HBO’s Hung features Thomas Jane playing a high school basketball coach named Ray Drecker whose life is slowly unraveling. In the pilot episode we discover that he is divorced from his wife of twenty years, a woman that is now married to a much more financially stable dermatologist. In addition to this bit of information, we see a flashback to Ray’s house getting caught on fire and nearly burning to a crisp. Ray’s kids had preferred to live with him rather than their uptight mother, but after the fire, Ray finds himself all alone, living in a tent on his property.

It’s during these grim circumstances that Ray seeks some help and decides to attend a money-making seminar. At this point we’re introduced to Tanya (Jane Adams), a woman that Ray recognizes as someone that used to come into his class to read and teach poetry to his students. The seminar doesn’t really work for Ray, but one thing stood out to him: “everybody has one special tool that can help him succeed.” Ray can’t admit his revelation to the workshop, but he decides that he knows what his tool is: his cock. Apparently, the man is blessed and the rest of the season follows his shenanigans as he progresses into a male prostitute or, in the case of his business, a happiness consultant. Tanya jumps on the bandwagon as his pimp and together they dive head first into an industry they both really know nothing about.

The first season of this series isn’t particularly good. The characters are mostly uninteresting. It seems as though Ray is pining after his ex-wife (Anne Heche), but it’s hard to see what he finds desirable other than familiarity and family unity. She’s shallow and not particularly attractive. Dude can do better and does so… many times. I’m on the fence about Tanya… at times I like the character and other times I can’t stand her. Ray is given a decision later in the season to step up his prostitute game with a more resourceful potential pimp and it’s hard to see the dilemma: he needs money and the opportunity presented should be lucrative. On top of that, prior to their business arrangement, Tanya and Ray don’t have any kind of history aside from a couple of one night stands together. Any reasonable man would be like “look, you’re good people, but I need to rebuild my house and get my family back and this is simply something I can’t pass up. Sorry.” But this is a T.V. show and tension must occur, no matter how implausible. The one moment this show had to create an awesome moment, the writers decided they weren’t ready to tackle that particular corner just yet and pussied out.
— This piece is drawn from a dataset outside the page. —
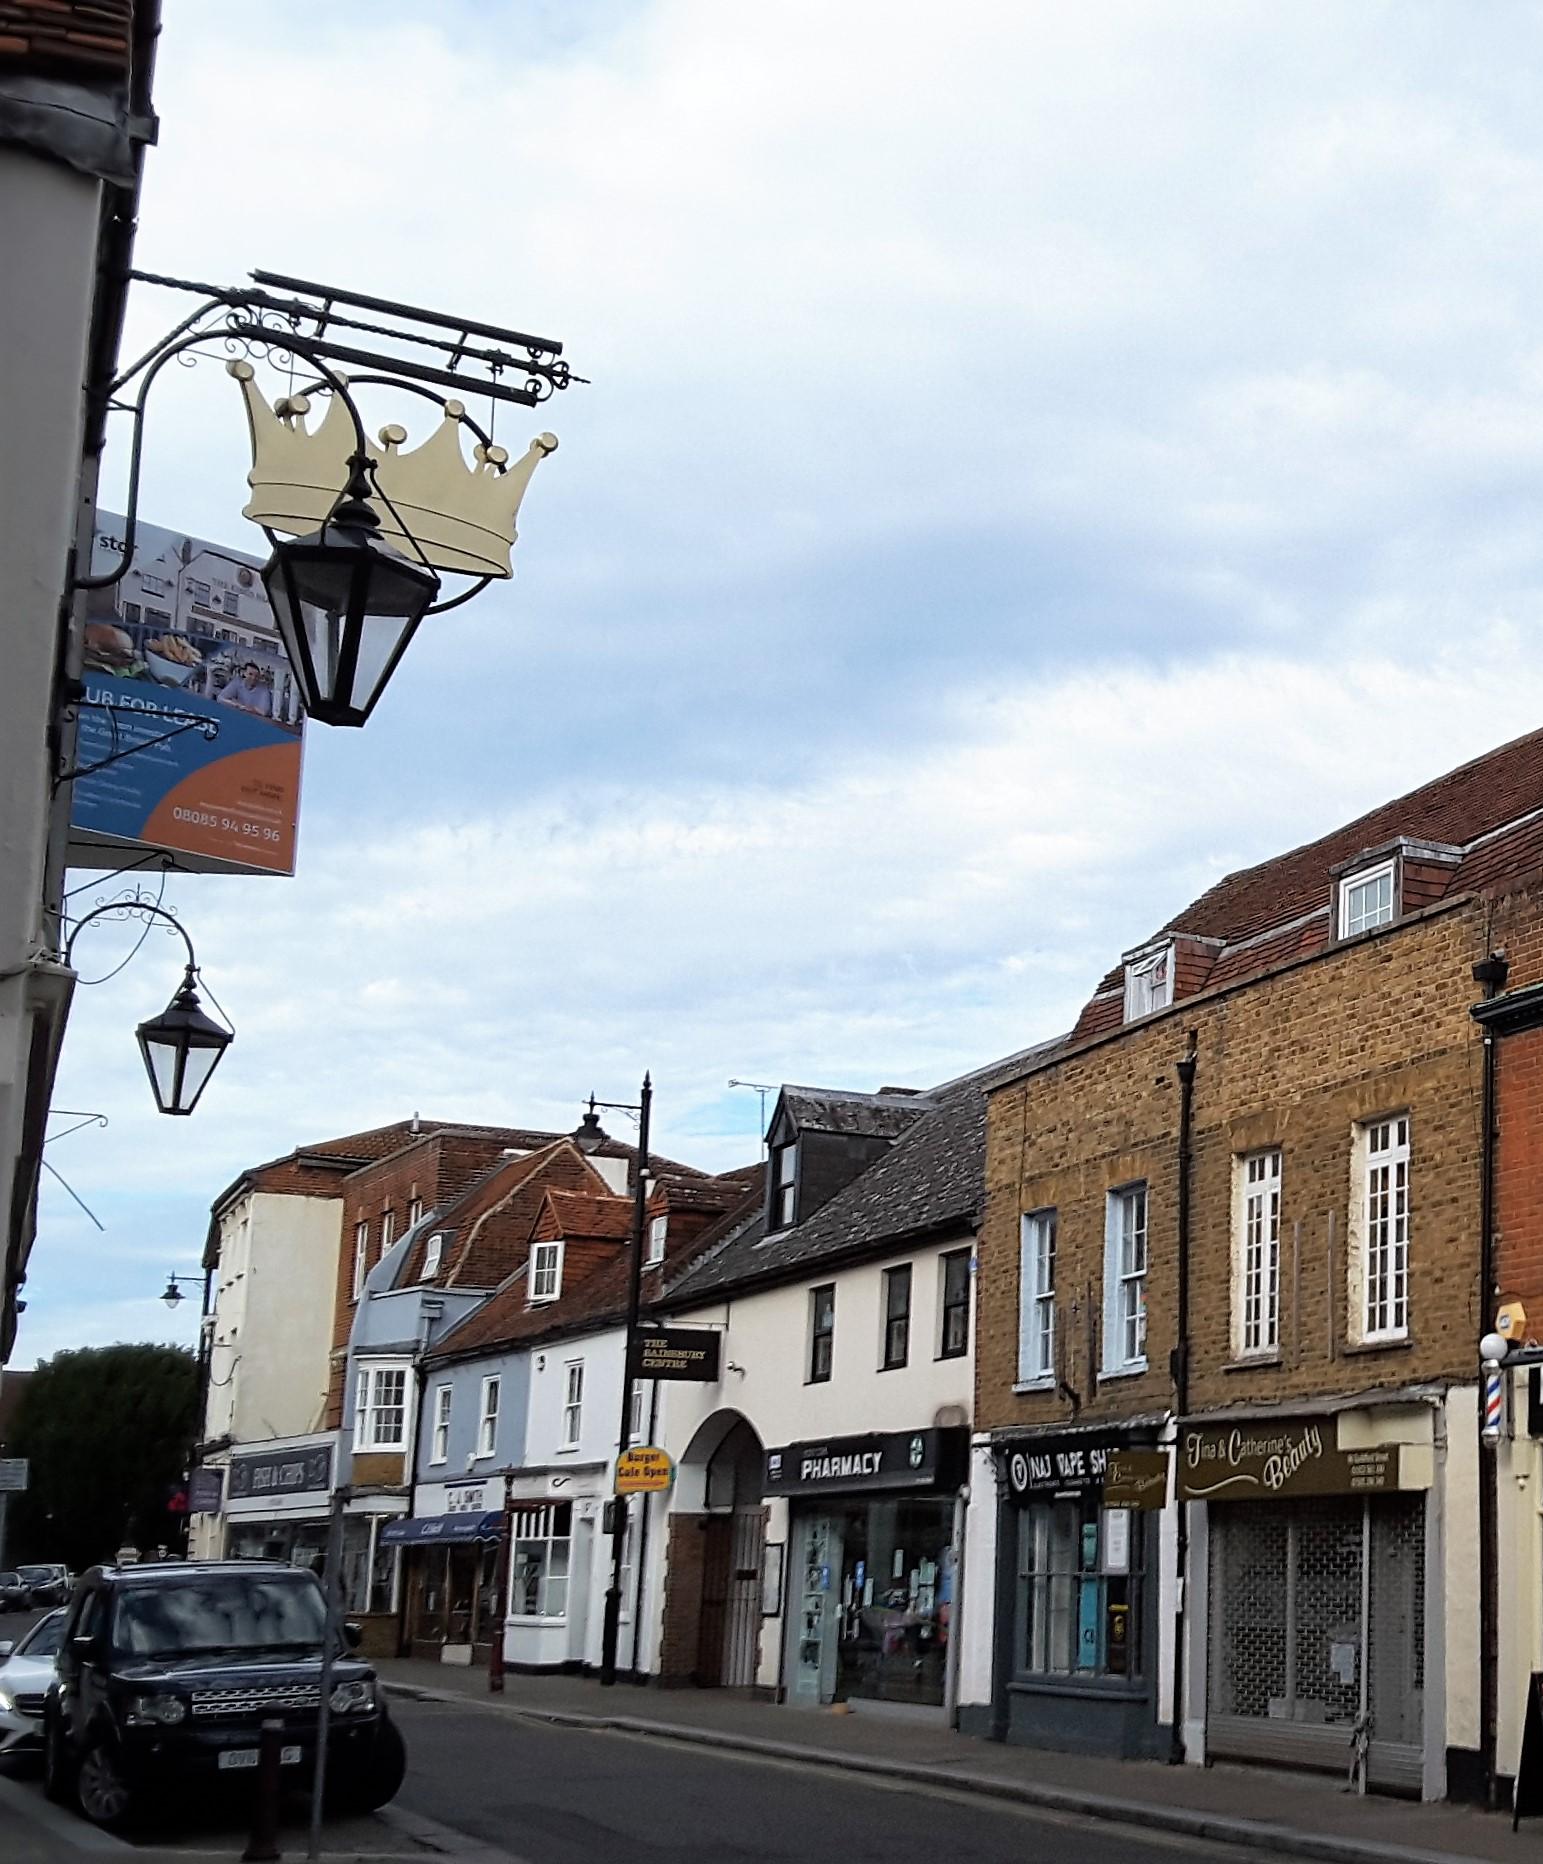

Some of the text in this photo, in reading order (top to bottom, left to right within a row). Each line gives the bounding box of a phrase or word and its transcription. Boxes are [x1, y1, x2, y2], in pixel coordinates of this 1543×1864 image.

The acting here is mediocre as well. Something about Thomas Jane screams ordinary. I’ve never seen him in anything that impressed me and many times through Hung’s first season, I found myself wondering if this guy was even acting at all (and not in the good way). The supporting cast is pretty lifeless too, with possibly the exception of Jane Adams as Tanya. In a series where it seems like everyone else is kind of going through the motions, she at least looks like she’s putting some effort into her performance. The acting highlight of the season goes to Natalie Zea who drops in for a four episode arc as Jemma, a mentally twisted client that Ray finds himself falling for. It’s never clear what Jemma’s true intentions are and that’s a testament to what Zea brings to the character. It was sad to see her go.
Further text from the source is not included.